ArangoDB v3.13 is under development and not released yet. This documentation is not final and potentially incomplete.
SatelliteGraphs
Graphs synchronously replicated to all servers, available in the Enterprise Edition
ArangoDB Enterprise Edition ArangoGraph
What is a SatelliteGraph?
SatelliteGraphs are a specialized named graph type available for cluster deployments. Their underlying collections are synchronously replicated to all DB-Servers that are part of the cluster, which enables DB-Servers to execute graph traversals locally. This includes shortest path and k-shortest paths computations, and possibly even joins with traversals. They greatly improve the performance of such queries.
They are the natural extension of the SatelliteCollections concept to graphs. The same benefits and caveats apply.
Why use a SatelliteGraph?
When doing queries in an ArangoDB cluster, data has to be exchanged between different cluster nodes if the data is sharded and therefore residing on multiple nodes. In particular graph traversals are usually executed on a Coordinator, because they need global information. This results in a lot of network traffic and potentially slow query execution.

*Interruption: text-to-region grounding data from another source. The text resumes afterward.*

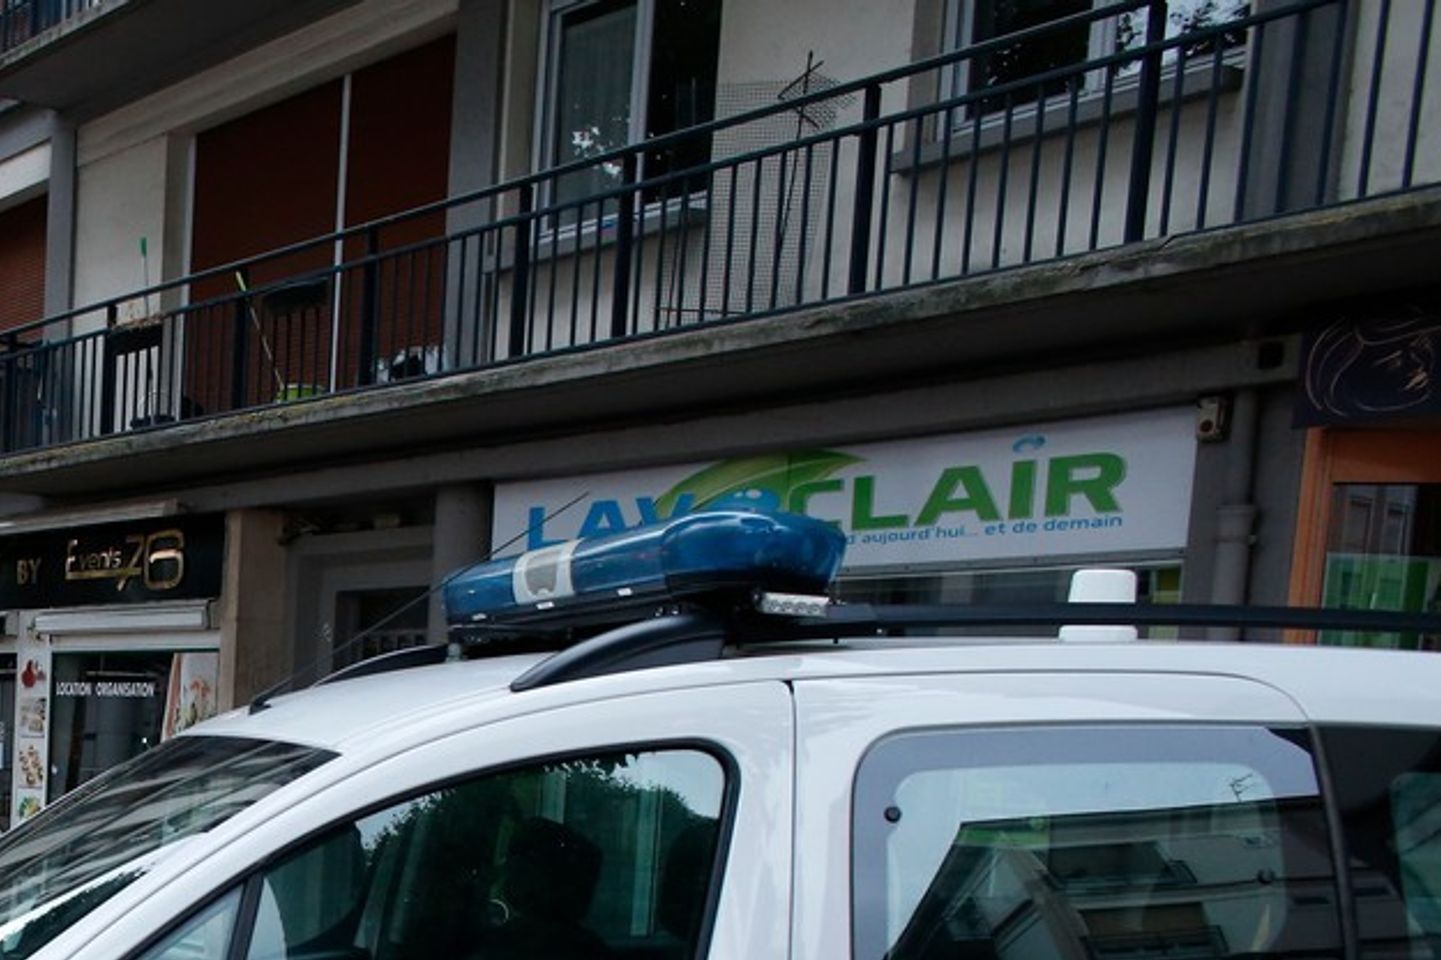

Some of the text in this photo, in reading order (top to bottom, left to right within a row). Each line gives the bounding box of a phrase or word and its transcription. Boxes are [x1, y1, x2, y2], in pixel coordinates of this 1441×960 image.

[985, 522, 1006, 536] et
[1013, 518, 1038, 534] de
[1044, 514, 1123, 533] demain
[17, 558, 42, 585] BY
[56, 681, 155, 698] LOCATION ORGANISATION
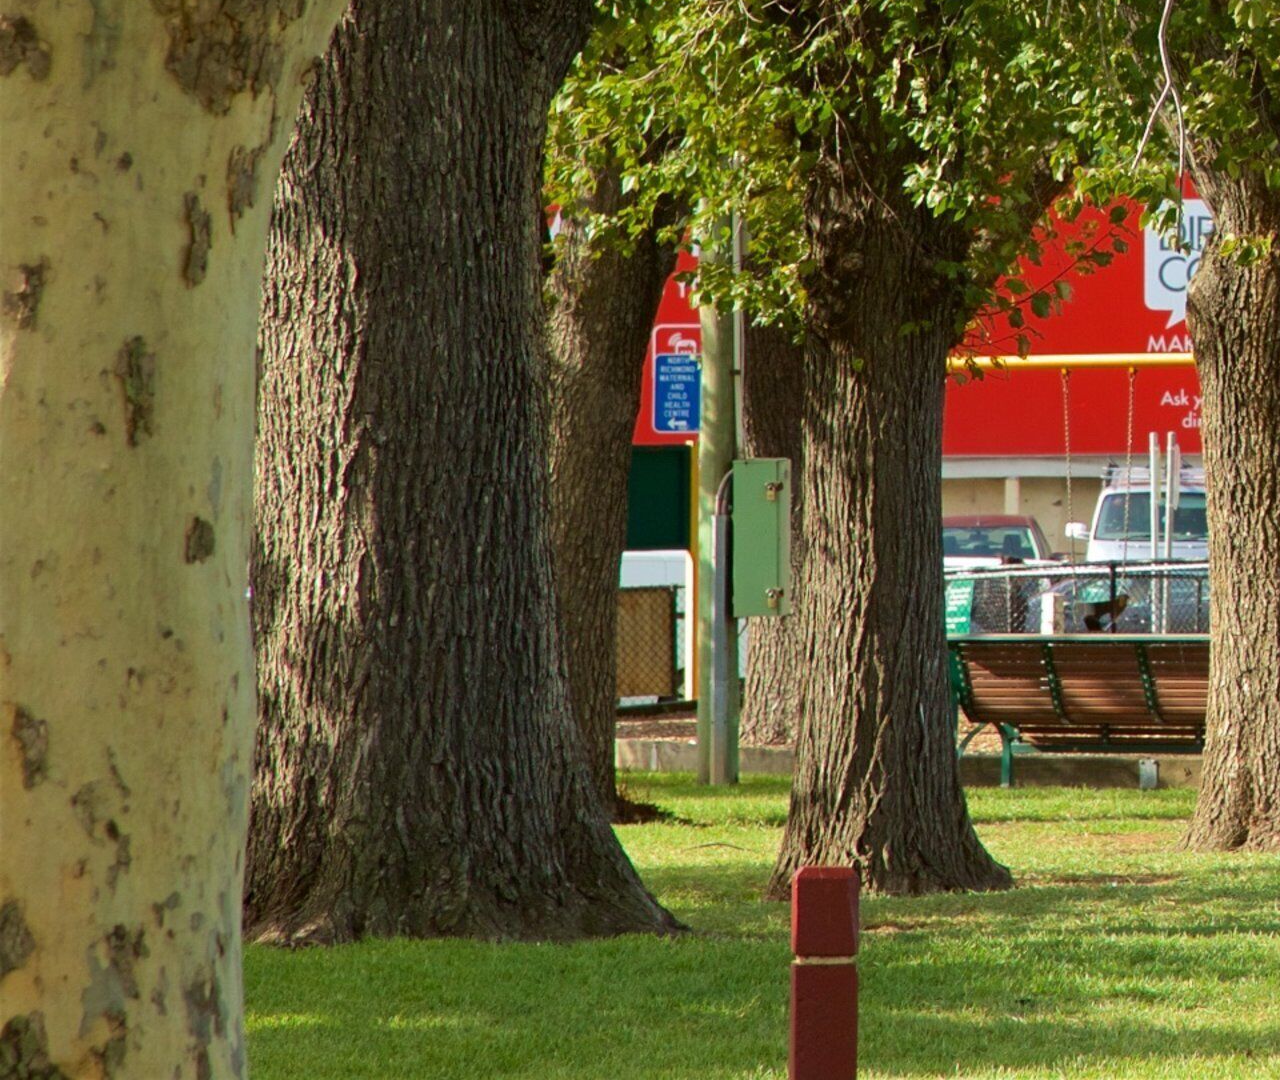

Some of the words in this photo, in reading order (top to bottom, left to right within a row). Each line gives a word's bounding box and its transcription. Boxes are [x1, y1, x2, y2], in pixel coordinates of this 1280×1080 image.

[670, 383, 685, 391] AND
[667, 392, 688, 400] CHILD
[1160, 388, 1189, 406] Ask
[664, 401, 690, 409] HEALTH
[664, 410, 689, 418] CENTRE

Take a permission management use case for example, where you have a permissions graph as well as a large, sharded collection of documents. You probably want to determine quickly if a user, group or device has permission to access certain information from that large collection. You would do this by traversing the graph to figure out the permissions and then join it with the large collection. With SatelliteGraphs, the entire permissions graph is available on all DB-Servers. Thus, traversals can be executed locally. A traversal can even be executed on multiple DB-Servers independently, so that the traversal results are then available locally on every node, which means that the subsequent join operation can also be executed without talking to other DB-Servers.

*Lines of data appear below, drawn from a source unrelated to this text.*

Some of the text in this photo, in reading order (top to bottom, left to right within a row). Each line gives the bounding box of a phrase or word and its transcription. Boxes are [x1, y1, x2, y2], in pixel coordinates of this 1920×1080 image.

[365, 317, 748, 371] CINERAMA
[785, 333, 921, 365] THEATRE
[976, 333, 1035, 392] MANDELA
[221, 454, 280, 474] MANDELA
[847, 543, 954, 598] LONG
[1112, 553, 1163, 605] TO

When to use SatelliteGraphs?
While General Graphs are available in all Editions, the Enterprise Edition offers two more named graph types to achieve single-server alike query execution times for graph queries in cluster deployments.
General Graphs: The underlying collections of managed graphs can be sharded to distribute the data across multiple DB-Servers. However, General Graphs do not enforce or maintain special sharding properties of the collections. The document distribution is arbitrary and data locality tends to be low. On the positive side, it is possible to combine arbitrary sets of existing collections. If the graph data is on a single shard, then graph queries can be executed locally, but the results still need to be communicated to other nodes.
SmartGraphs: Shard the data based on an attribute value, so that documents with the same value are stored on the same DB-Server. This can improve data locality and reduce the number of network hops between cluster nodes depending on the graph layout and traversal query. It is suitable for large scale graphs, because the graph data gets sharded to distribute it across multiple DB-Servers. Use SmartGraphs instead of General Graphs whenever possible for a performance boost.
SatelliteGraph: Make the entire graph available on all DB-Servers using synchronous replication. All vertices and edges will be available on every node for maximum data locality. No network hops are required to traverse the graph. The graph data must fit on each node, therefore it will typically be a small to medium sized graph. The performance will be the highest if you are not permanently updating the graph’s structure and content because every change needs to be replicated to all other DB-Servers.
With SatelliteGraphs, the performance of writes into the affected graph collections will become slower due the fact that the graph data is replicated to the participating DB-Servers. Also, as writes are performed on every DB-Server, it will allocate more storage distributed around the whole cluster environment.
If you want to distribute a very large graph and you don’t want to replicate all graph data to all DB-Servers that are part of your cluster, then you should consider SmartGraphs instead.